OneAugustNight · 24/08/2021 08:14

If your partner is refusing to listen I don’t see what you can do.

honeygriff · 24/08/2021 09:06

I think the teenage years and step parenting are fairly awful in my experience. The kids have needed a lot of space and boundaries. It's taken us 6 years to reach some sort of equilibrium.

Hankunamatata · 24/08/2021 09:14

Slightly different perspective. I have a 12 year old with my husband, our oldest, been together all his life. Both DH and our nearly teen are really struggling to find balance in their relationship. Ds wants more independence, he is bloody cheeky and rude- more so than ever before. DH expects him to be like he was in primary, this sweet little boy with no mood or opinions. So if turned into a referee.

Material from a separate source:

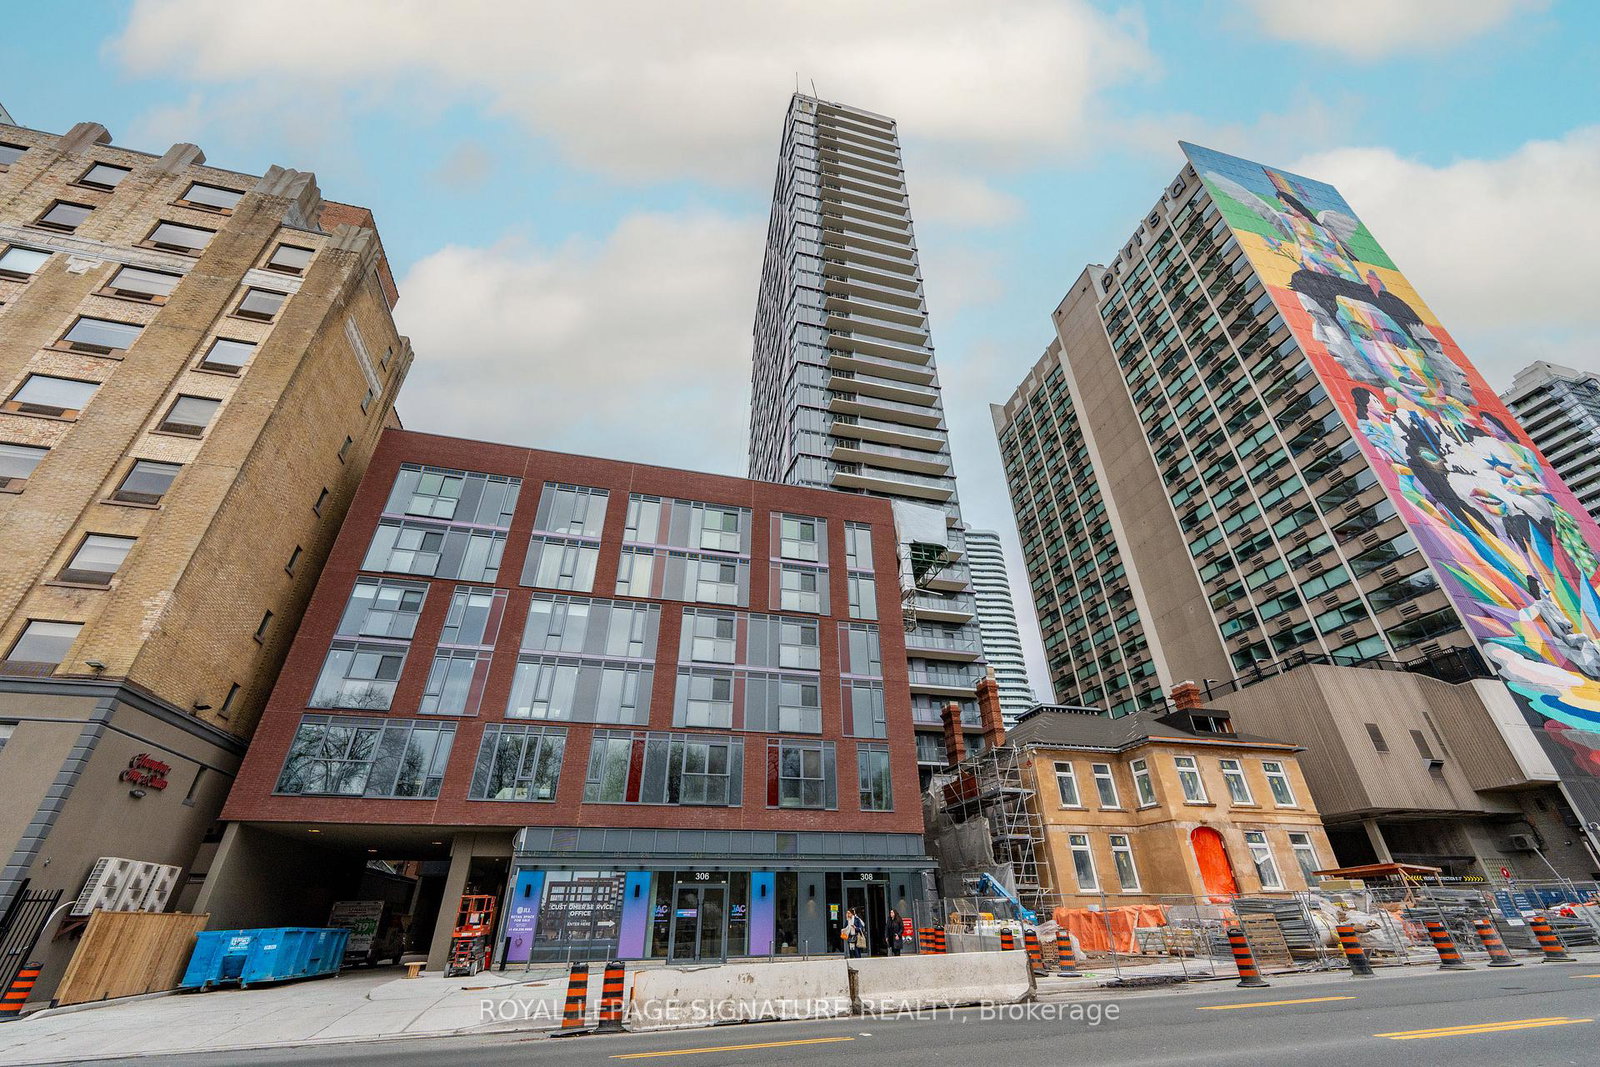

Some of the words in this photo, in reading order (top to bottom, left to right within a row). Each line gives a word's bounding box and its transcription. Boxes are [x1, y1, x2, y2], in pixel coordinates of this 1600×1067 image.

[695, 872, 710, 880] 306
[860, 873, 873, 881] 308
[731, 905, 746, 913] JAC

Soopermum1 · 24/08/2021 09:39

I have sympathy with your DP and have similarities with my set up. DS is a teenager and idolises his abusive dad. He's 17 with possible ASD and doesn't seem to be showing any sign of changing his view. DP quietly does a lot for DS, even though DS hates him, and I know, if the chips were down and DS needed help who he would ask it from. The difference is that DP keeps quiet about how he feels.

The teenage years are going to be incredibly tough, so I'd recommend you try some therapy of some sort. I wouldn't jack it all in now. You'll need to agree a consistent approach from both of you, so maybe chasing the maintenance could be your side of the bargain. I doubt that all DS's costs and needs fall to you alone, he will be taking on some of these.

Twolostsoulsswimminginafishbow · 24/08/2021 10:06

It’s no excuse that DP hasn’t experienced divorce to be able to empathise with DS.

RedHelenB · 24/08/2021 14:06

If your do pipes down I reckon the next year or two might be when your son realises what a waste of space his dad is. Happened with mine, kids aren't stupid.